Para Monk, una de las cosas que más lo atrajo de la propuesta fue, justamente, ese aporte ambiental. “De hecho, bastantes de mis obras retratan animales y naturaleza. Esto está muy perfilado a lo que me gusta y a lo que busco, así que es un plus, la verdad”, aclara.

Cuatro hombres con edificios con mural de Coca-Cola de fondo Conocido artísticamente como Monk, Andrés Gorosin fue quien creó con pintura ecológica las tres obras que ya se pueden ver frente al shopping Unicenter.

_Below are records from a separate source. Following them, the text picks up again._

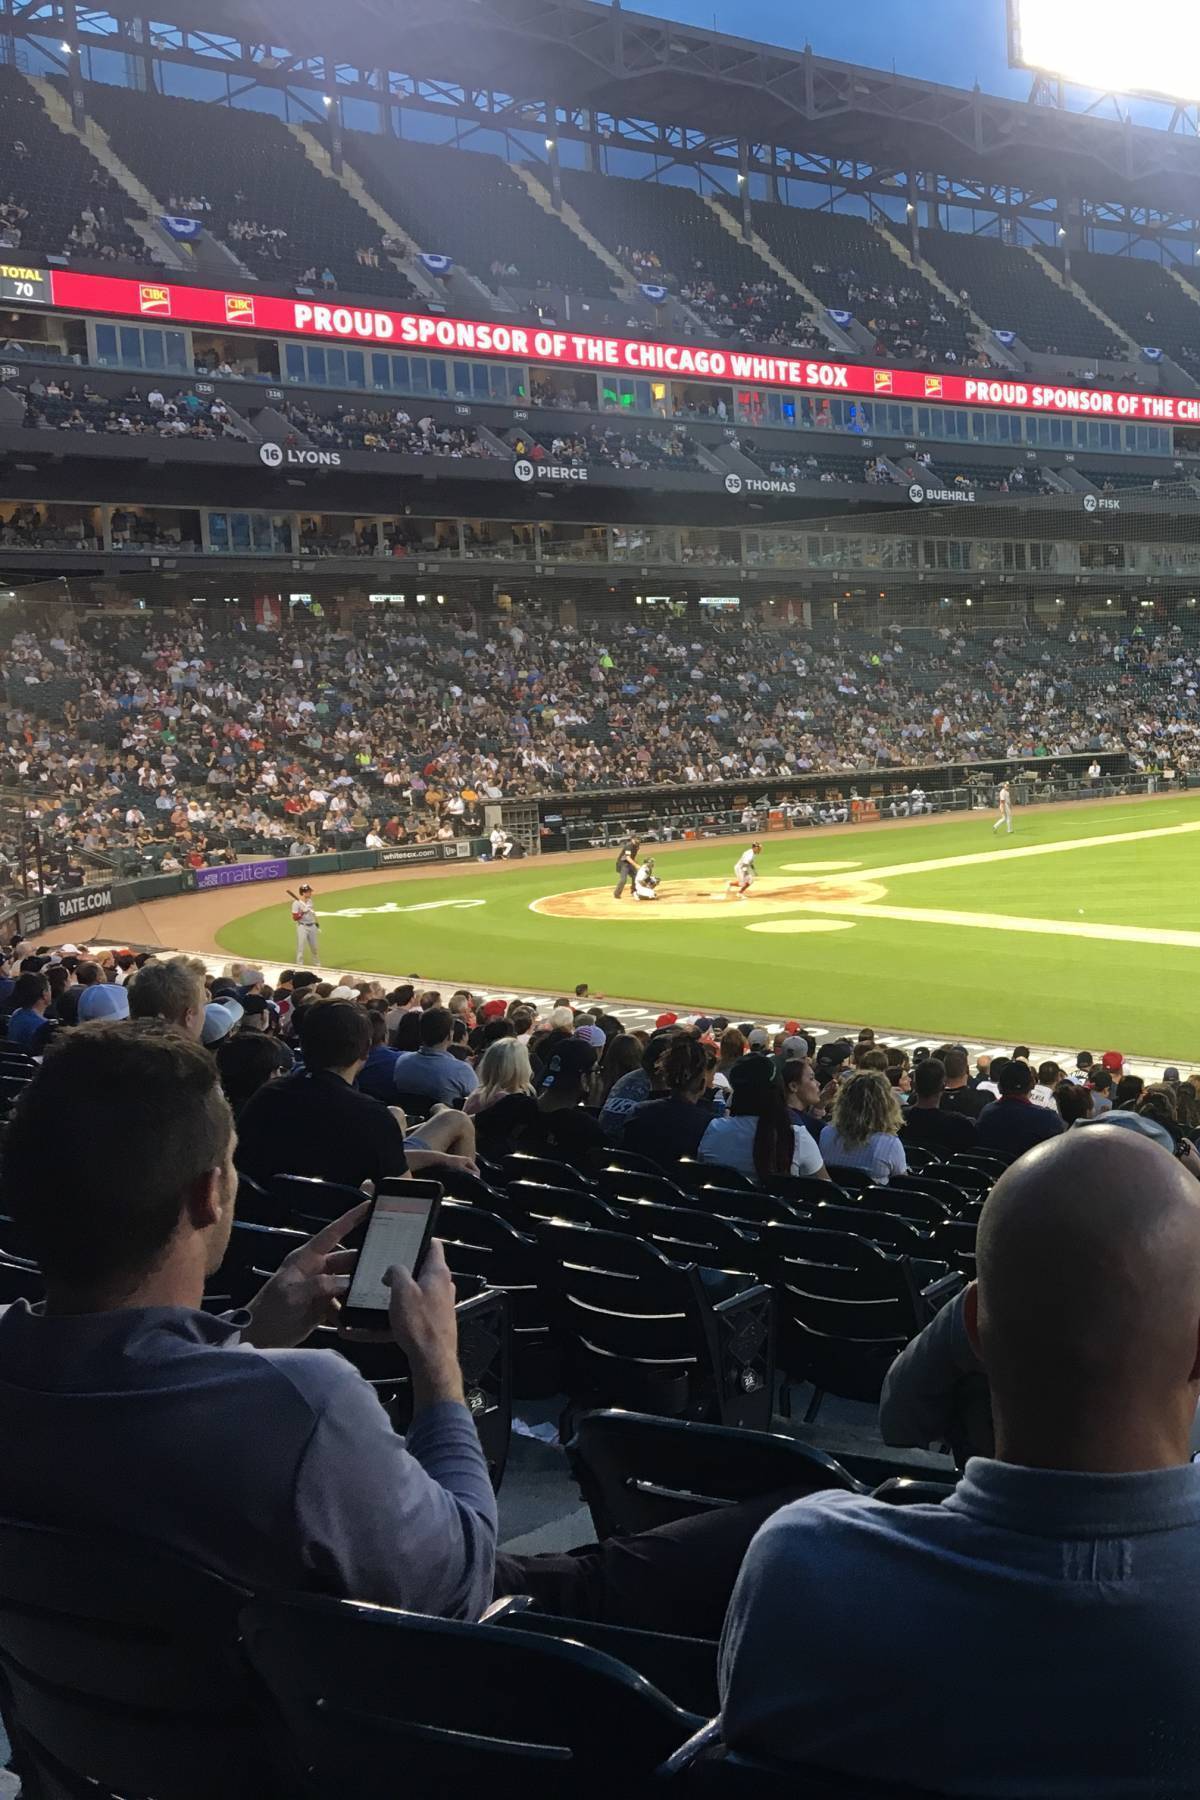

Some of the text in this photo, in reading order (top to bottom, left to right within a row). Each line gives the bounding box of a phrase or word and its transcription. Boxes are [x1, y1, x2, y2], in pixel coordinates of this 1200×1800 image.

[0, 265, 44, 282] TOTAL
[14, 281, 33, 297] 70
[142, 286, 167, 300] CIBC
[228, 297, 251, 311] CIBC
[293, 302, 849, 388] PROUD SPONSOR OF THE CHICAGO WHITE SOX
[964, 380, 1028, 406] PROUD
[1032, 386, 1113, 413] SPONSOR
[1117, 394, 1139, 415] OF
[1142, 397, 1174, 417] THE
[263, 446, 341, 466] 16 LYONS
[517, 464, 588, 480] 19 PIERCE
[726, 477, 797, 493] 35 THOMAS
[911, 487, 975, 502] 56 BUEHRLE
[1098, 498, 1120, 509] FISK
[383, 848, 435, 861] whitesox.com
[58, 890, 112, 918] RATE.COM

El desafío le llegó por partida triple, no sólo por tratarse de un tríptico, sino además por haberse convertido en la obra urbana más grande que realizó hasta el momento (cada una de las medianeras tiene 840 metros cuadrados), por ser la primera vez que trabaja en altura con arnés, balancín y mucho compromiso físico; y por el cuidado especial que debió tener a la hora del planteo del diseño y la perspectiva. “Cuando uno tiene la pared cerca, no sabe muy bien lo que está dibujando, entonces, la grilla y el boceto son muy importantes. También hay que tener en cuenta el tema del desgaste físico y de la logística, porque hay que subir con una cantidad de pintura y las brochas, entre otras cosas”, describe.

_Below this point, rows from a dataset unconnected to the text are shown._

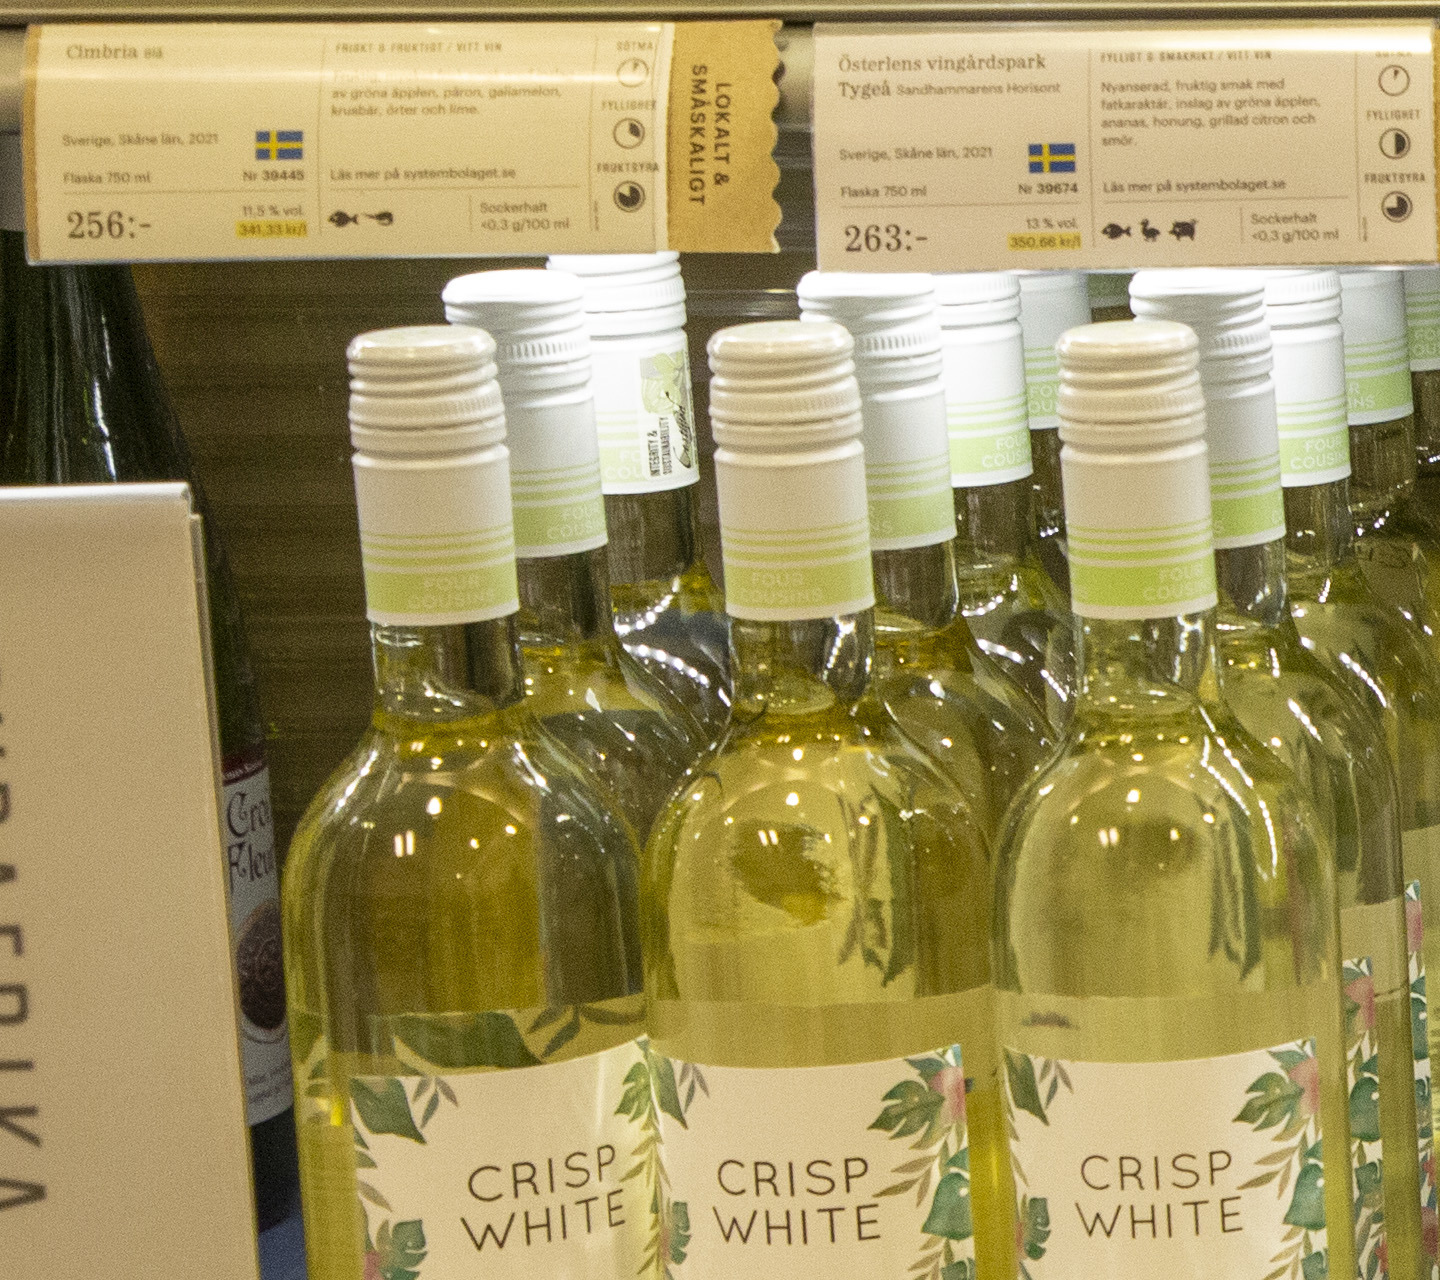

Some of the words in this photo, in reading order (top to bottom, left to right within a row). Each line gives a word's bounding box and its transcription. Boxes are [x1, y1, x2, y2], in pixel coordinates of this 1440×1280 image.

[838, 52, 921, 72] Österlens
[925, 51, 1046, 73] vingårdspark
[838, 77, 891, 99] Tygeå
[688, 64, 707, 206] SMÅSKALIGT
[715, 82, 731, 162] LOKALT
[467, 1143, 618, 1204] CRISP
[717, 1156, 869, 1197] CRISP
[1080, 1150, 1233, 1191] CRISP
[460, 1188, 627, 1253] WHITE
[712, 1203, 881, 1246] WHITE
[1076, 1196, 1245, 1240] WHITE

El desarrollo de las obras le llevó todo un mes y contó con la asistencia de cuatro muralistas más un suplente. “Estoy súper feliz de realizar una obra tan grande y que esté a la vista de tanta gente. Para todo el que entra o sale de la Ciudad todos los días está buenísimos poder ver una obra de arte en lugar de una publicidad tradicional. Me parece que suma y más si se tiene en cuenta el factor ecológico y ambiental que aporta”, concluye Monk.